As his reaction to the ongoing news around the Sony hack and the fact that the company is facing two law suits from staff who claim Sony did not take adequate security measures to protect their datat, Philip Lieberman, CEO and President of Lieberman Software Corporation writes:
“This attack represents a worst case scenario where every machines and asset owned by Sony that was connected to their network was compromised and made available to a hostile outside group. Effectively Sony lost the ownership of their company to an outside group due to poor security and this outside organization decided to terrorize their employees and damage their assets as well as humiliate them in private and in public as a demonstration of their power.

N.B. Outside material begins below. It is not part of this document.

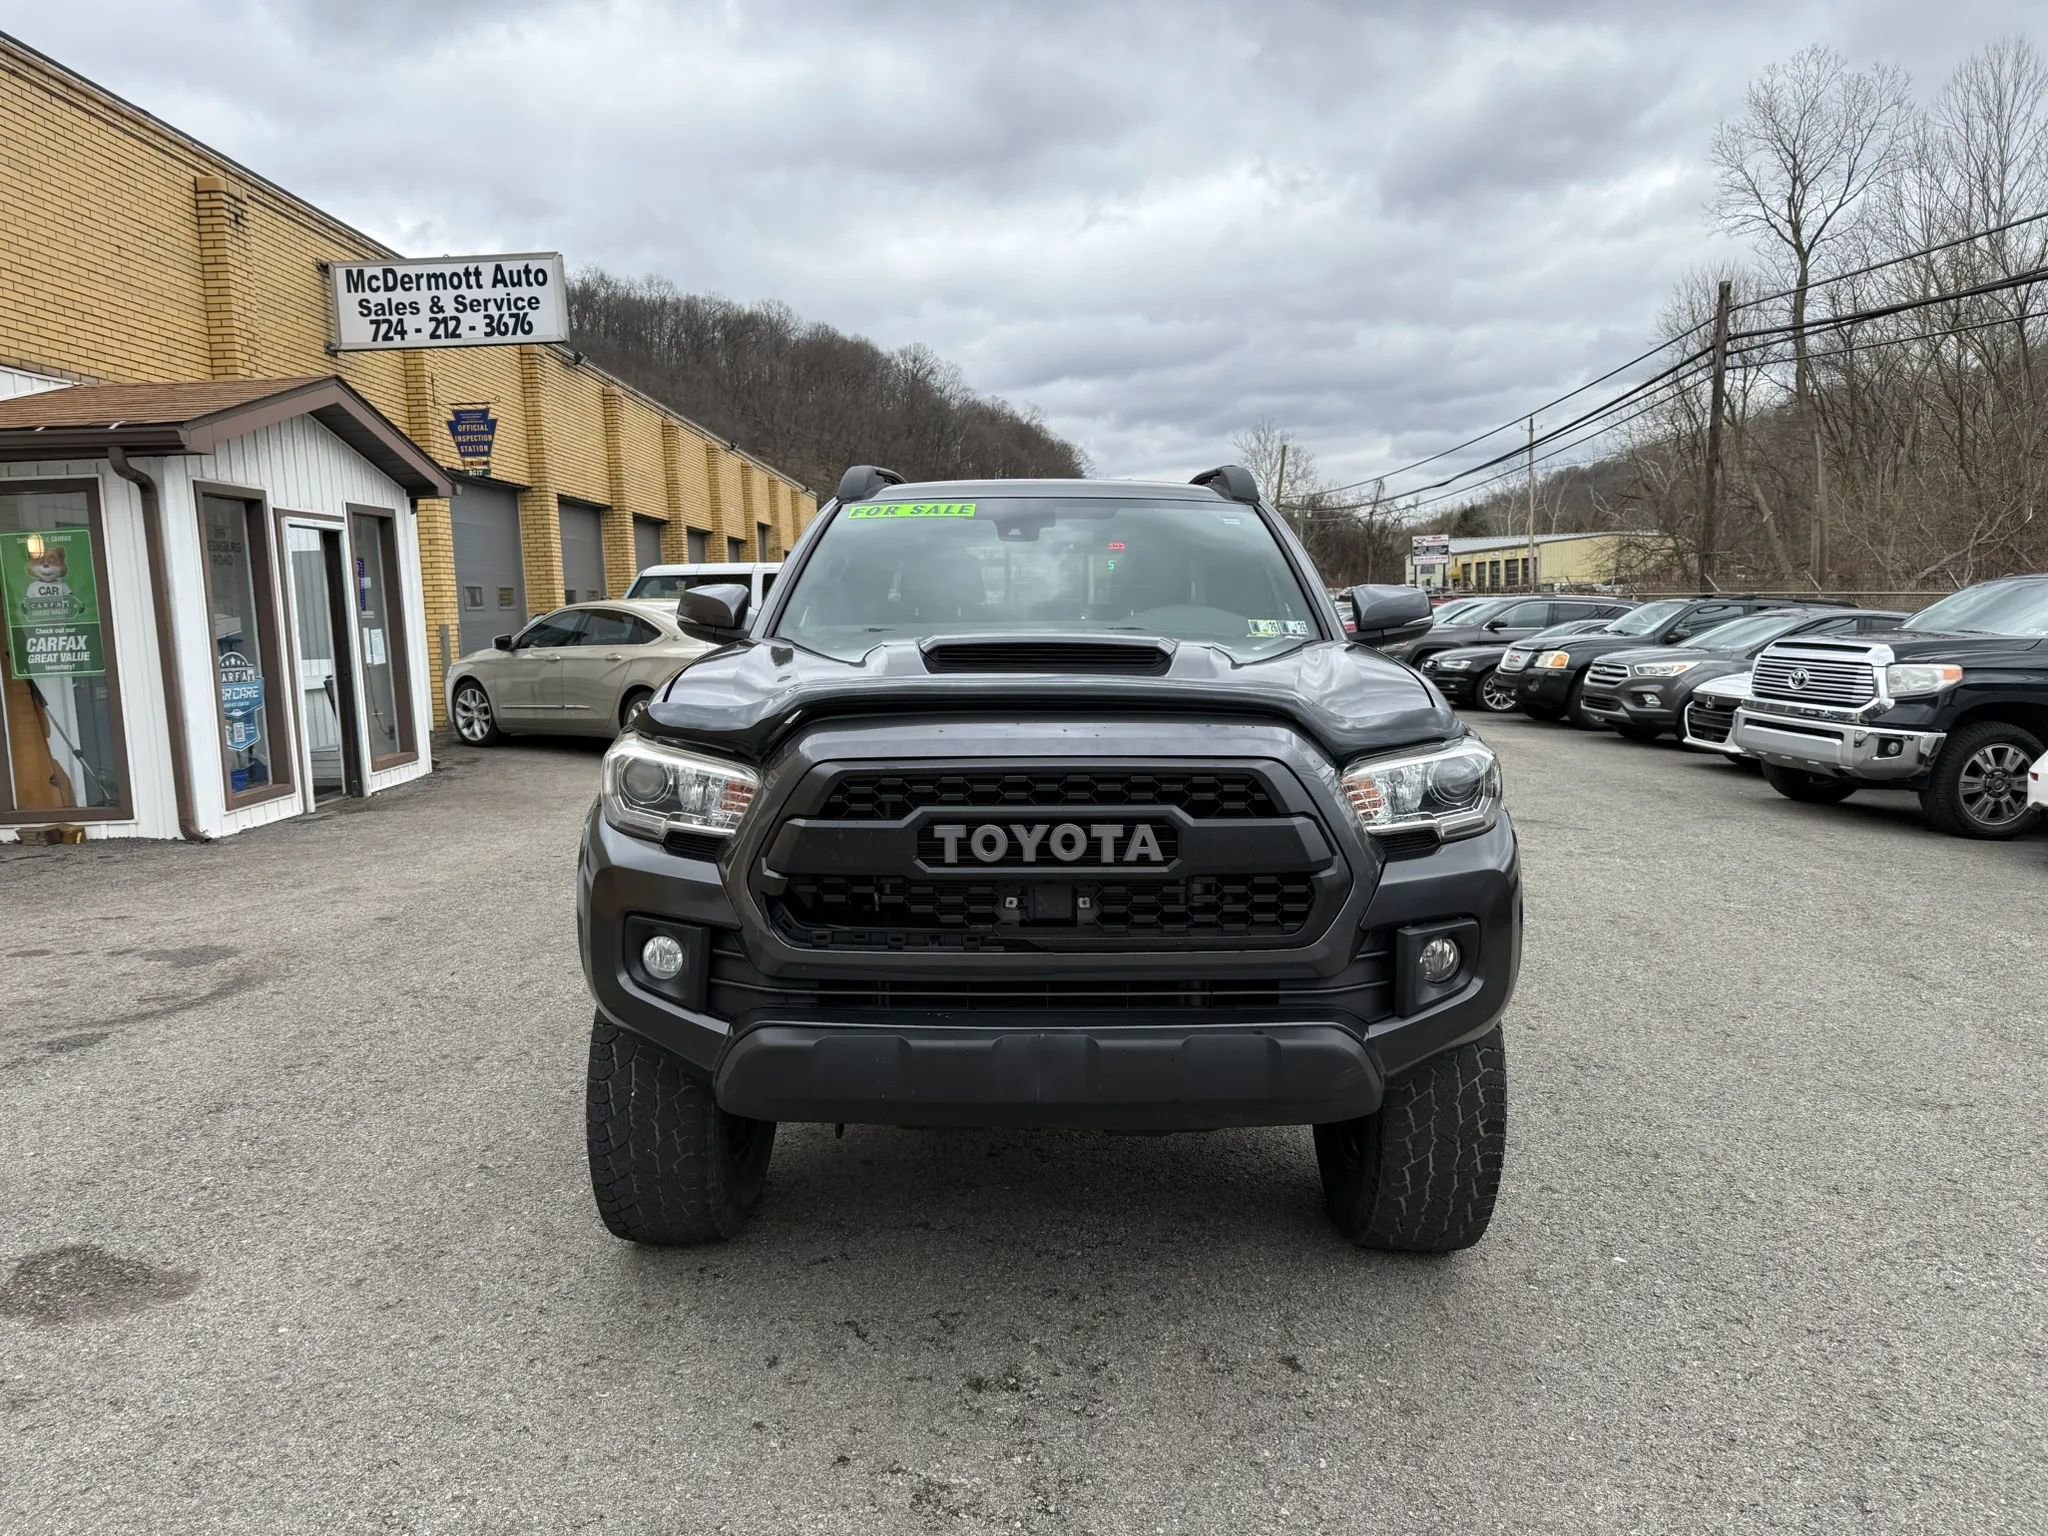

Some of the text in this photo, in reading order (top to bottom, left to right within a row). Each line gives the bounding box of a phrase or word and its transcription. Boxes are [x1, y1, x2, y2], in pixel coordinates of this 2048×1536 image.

The situation of public humiliation is unprecedented, but the total loss of control of an organization is common in both the USA and around the world. The common cause of the problem is a lack of understanding by CEOs as to their role in cyber defense and their delegation to others in the organization of this responsibility, but without the power to operate effectively.
This scenario will play out again and in even worse forms.
The lawsuits against Sony for lack of reasonable care for security of its employee personal information has significant legs to it. Sony was capable of protecting the sensitive data in question (or at least minimizing the amount of data lost), but purposely chose not to do so for cultural and financial reasons. It will be very difficult for them to defend themselves against these lawsuits since their competitors were well able to sustain themselves against the same attacks (coincidently using our technology).
Kevin Mandia’s quote (for Sony, it looks like a ‘get out of jail free card’) that the attack and its consequences were unprecedented and could not be defended against ring hollow, were self-serving and factually incorrect – they were foreseen (they are part of a well-worn pattern), are regularly rebuffed, and the consequences could have been minor. If anything, the need for expensive mitigation by Mandiant would not have been needed had Sony used appropriate technology to secure administrative credentials. Should Sony not deploy a robust privilege identity management system, they will be a repeat customer of Mandiant or another remediation company.
These lawsuits are the beginning of a groundswell of litigation that will pit corporate CEOs against the public where they will have to defend their behaviour of reduction of IT costs vs. taking reasonable care in the handling of their security. This is also a failure of the US Government to provide clear guidance to private enterprise as to what is “reasonable care” in IT security.
Up until now, many CEOs felt comfortable with a friendly IT audit report in their pocket combined with third party cyber-warfare insurance, while keeping up the constant drumbeat of ever greater reductions in IT operation costs. If there is no clear guidance on ‘what is enough’, apparently ‘nothing much’ has been the IT security strategy of many companies.
Sony’s board of directors will uncover the incompetence of the IT audit firm used by the company that completely failed to surface these issues prior to the attack. No doubt that Sony will add their audit firm to the lawsuits and most likely their auditing firm will end up paying the price of these lawsuits and others yet to come based on gross negligence on their part.”